[Data excerpts — start]
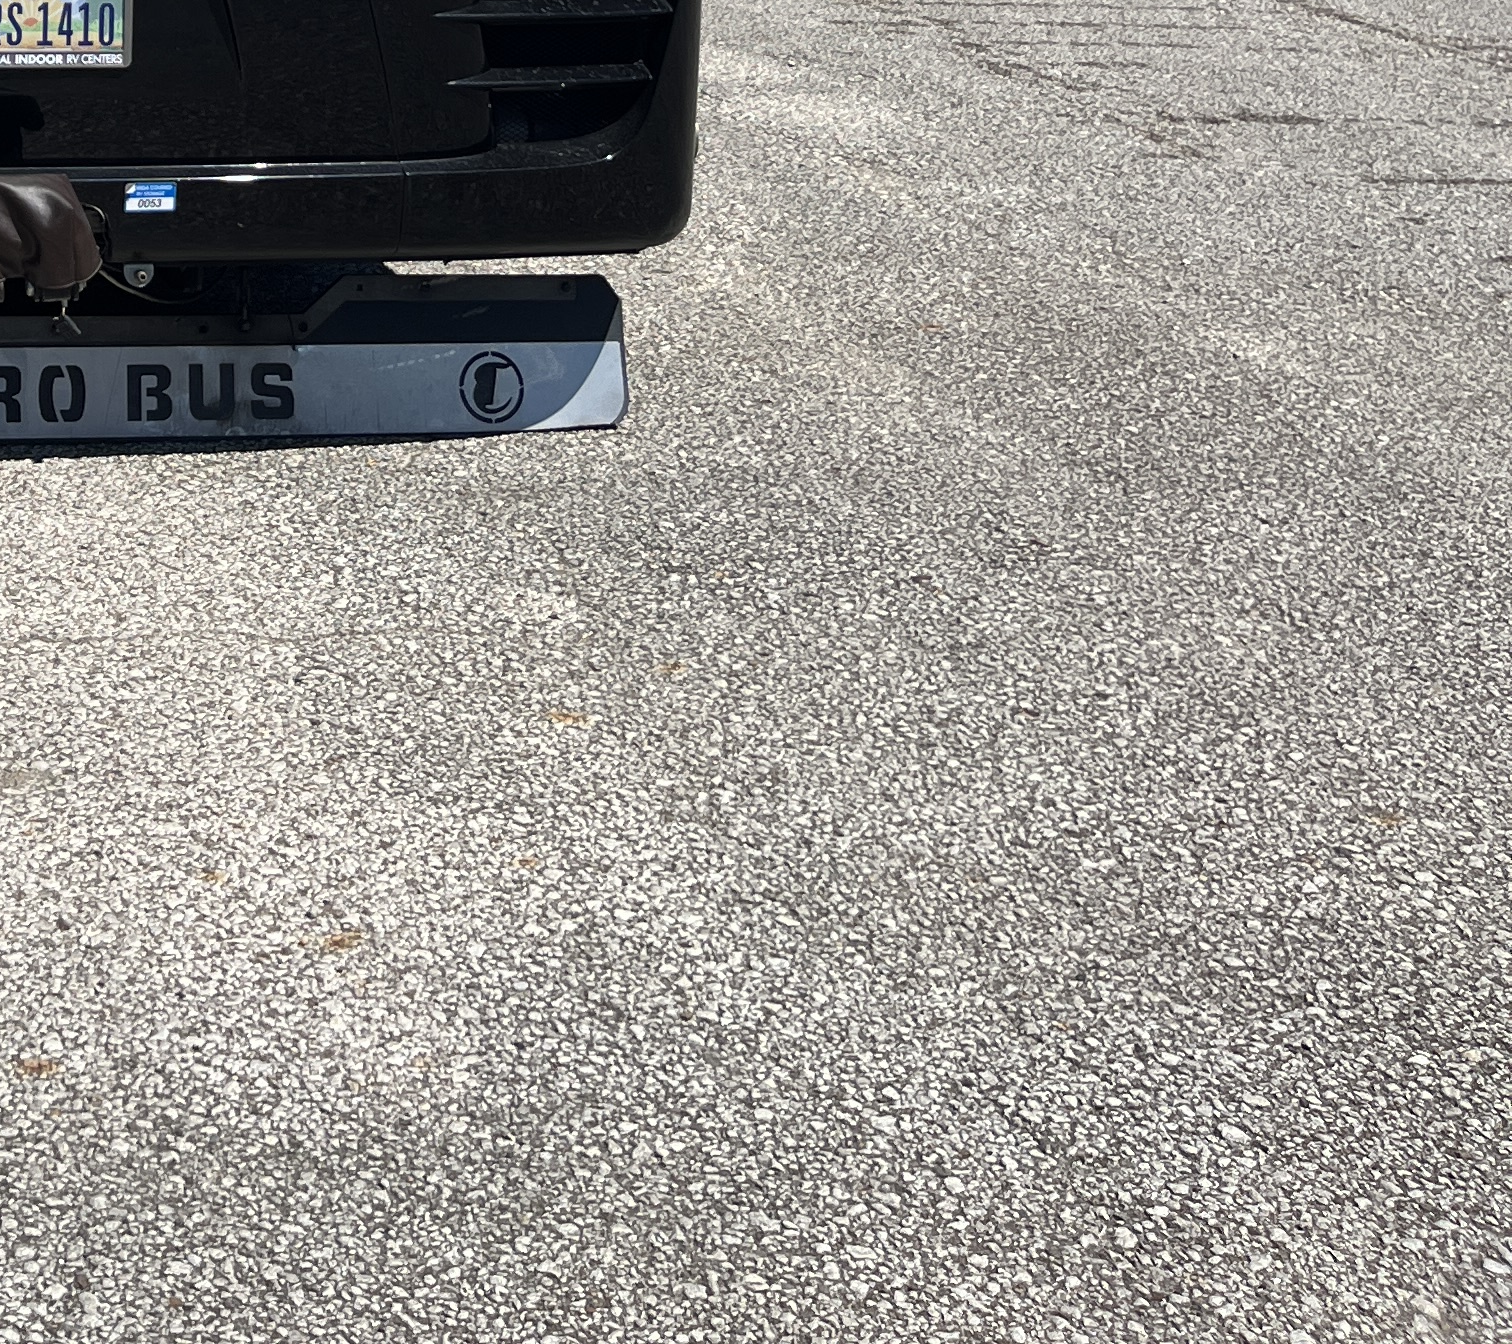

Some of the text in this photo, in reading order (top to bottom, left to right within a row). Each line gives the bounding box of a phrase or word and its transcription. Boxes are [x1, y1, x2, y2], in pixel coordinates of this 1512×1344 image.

[36, 1, 115, 47] 1410
[14, 53, 64, 65] INDOOR
[66, 53, 80, 65] RV
[81, 53, 123, 65] CENTERS
[138, 198, 162, 208] 0053
[125, 362, 296, 423] BUS
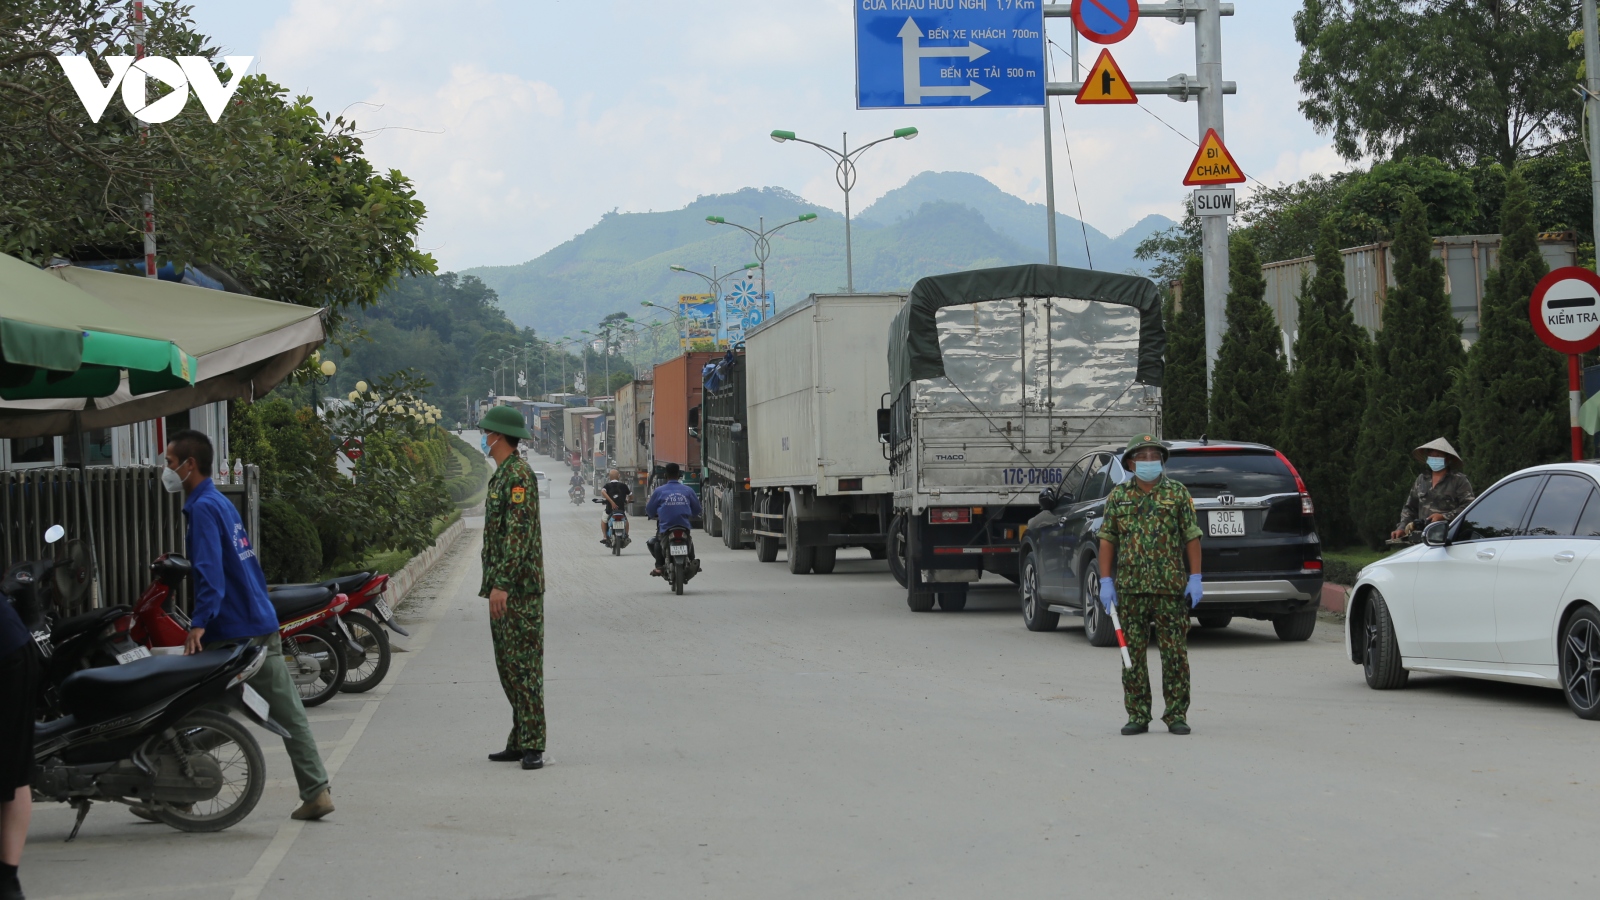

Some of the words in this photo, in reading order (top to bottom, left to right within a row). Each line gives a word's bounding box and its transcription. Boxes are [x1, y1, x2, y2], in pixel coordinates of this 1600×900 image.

[996, 0, 1012, 11] 1,7
[1015, 0, 1035, 9] Km
[928, 26, 949, 39] BẾN
[953, 29, 967, 39] XE
[971, 27, 1006, 39] KHÁCH
[1012, 29, 1039, 39] 700m
[940, 65, 962, 78] BẾN
[966, 68, 980, 78] XE
[984, 65, 1001, 78] TẢI
[1006, 68, 1024, 78] 500
[1206, 148, 1219, 159] ĐI
[1196, 163, 1230, 177] CHẬM
[1197, 194, 1232, 210] SLOW
[1547, 309, 1575, 325] KIỂM
[1576, 312, 1599, 323] TRA
[1216, 511, 1236, 523] 30E
[1210, 523, 1244, 535] 646.44
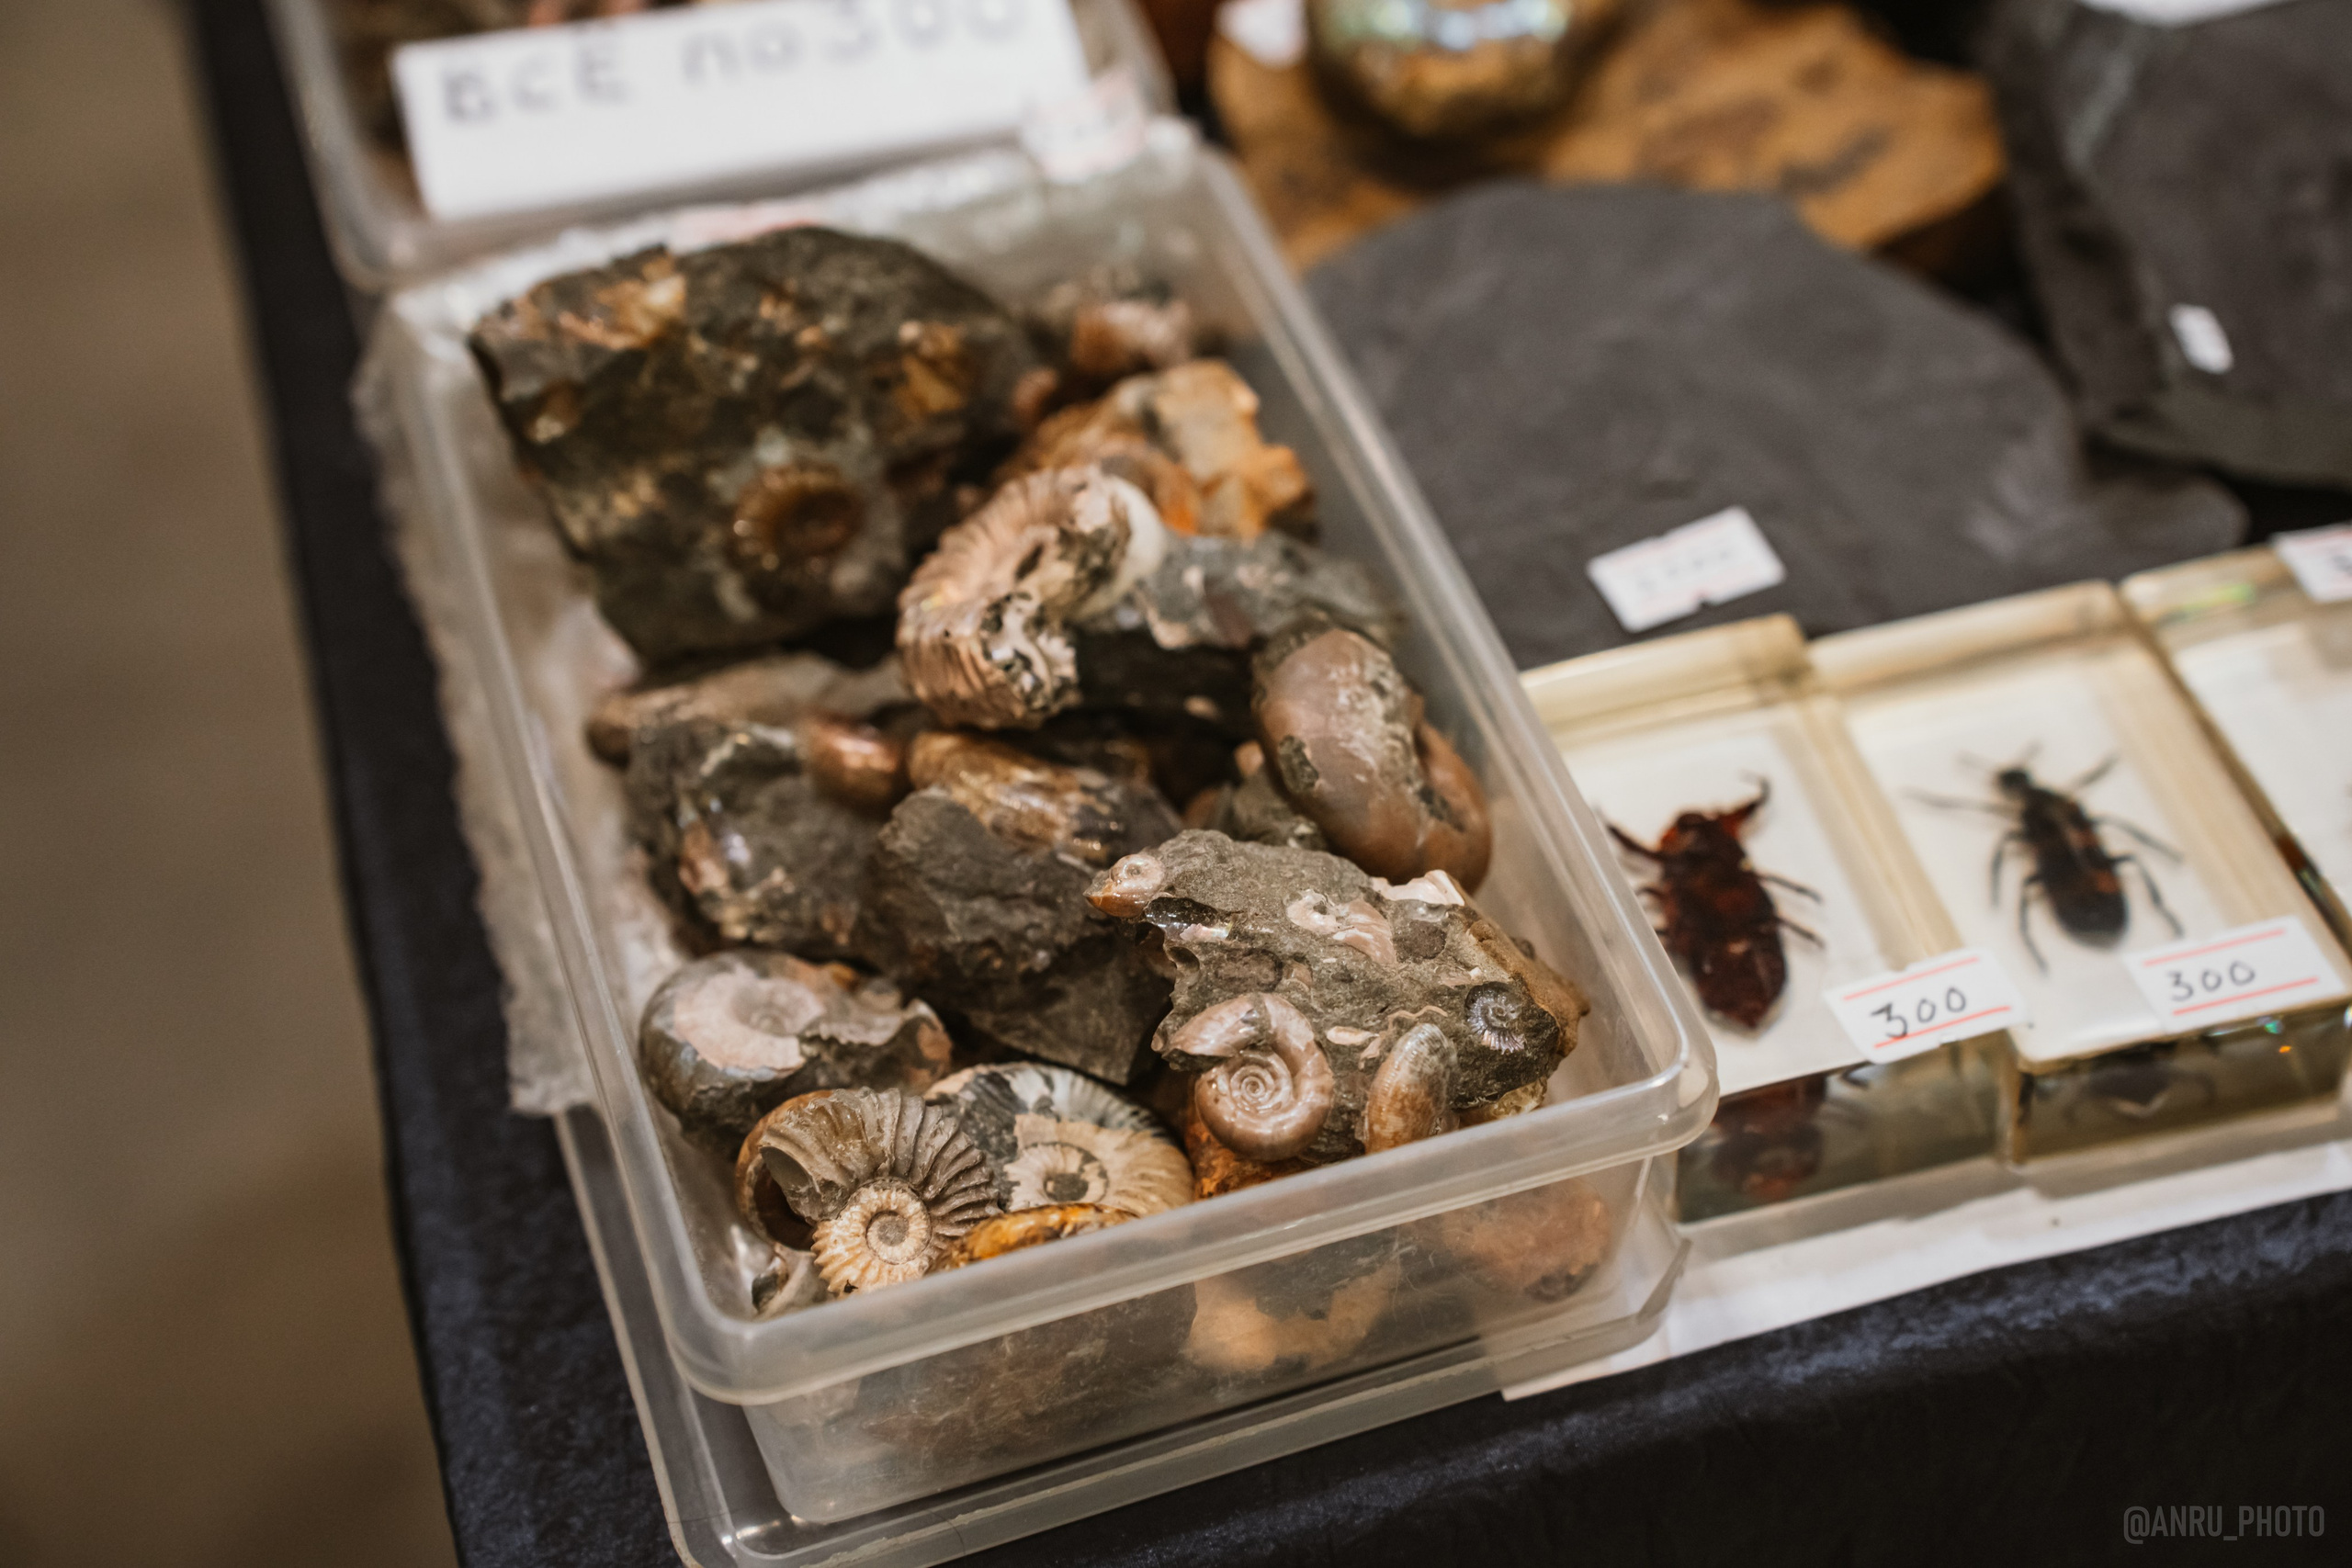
[Data excerpts — finish]
» Action item
Your copy must start at the line that holds "Some of the words" and end at the last line of the data, both included; it must contain no pictures.

» Solved problem
Some of the words in this photo, in reading order (top to bottom, left to right within a row). Each line gives a word's bounding box and its transcription. Boxes are [x1, y1, x2, y2], in pixel coordinates of this 1600×900 image.

[996, 0, 1012, 11] 1,7
[1015, 0, 1035, 9] Km
[928, 26, 949, 39] BẾN
[953, 29, 967, 39] XE
[971, 27, 1006, 39] KHÁCH
[1012, 29, 1039, 39] 700m
[940, 65, 962, 78] BẾN
[966, 68, 980, 78] XE
[984, 65, 1001, 78] TẢI
[1006, 68, 1024, 78] 500
[1206, 148, 1219, 159] ĐI
[1196, 163, 1230, 177] CHẬM
[1197, 194, 1232, 210] SLOW
[1547, 309, 1575, 325] KIỂM
[1576, 312, 1599, 323] TRA
[1216, 511, 1236, 523] 30E
[1210, 523, 1244, 535] 646.44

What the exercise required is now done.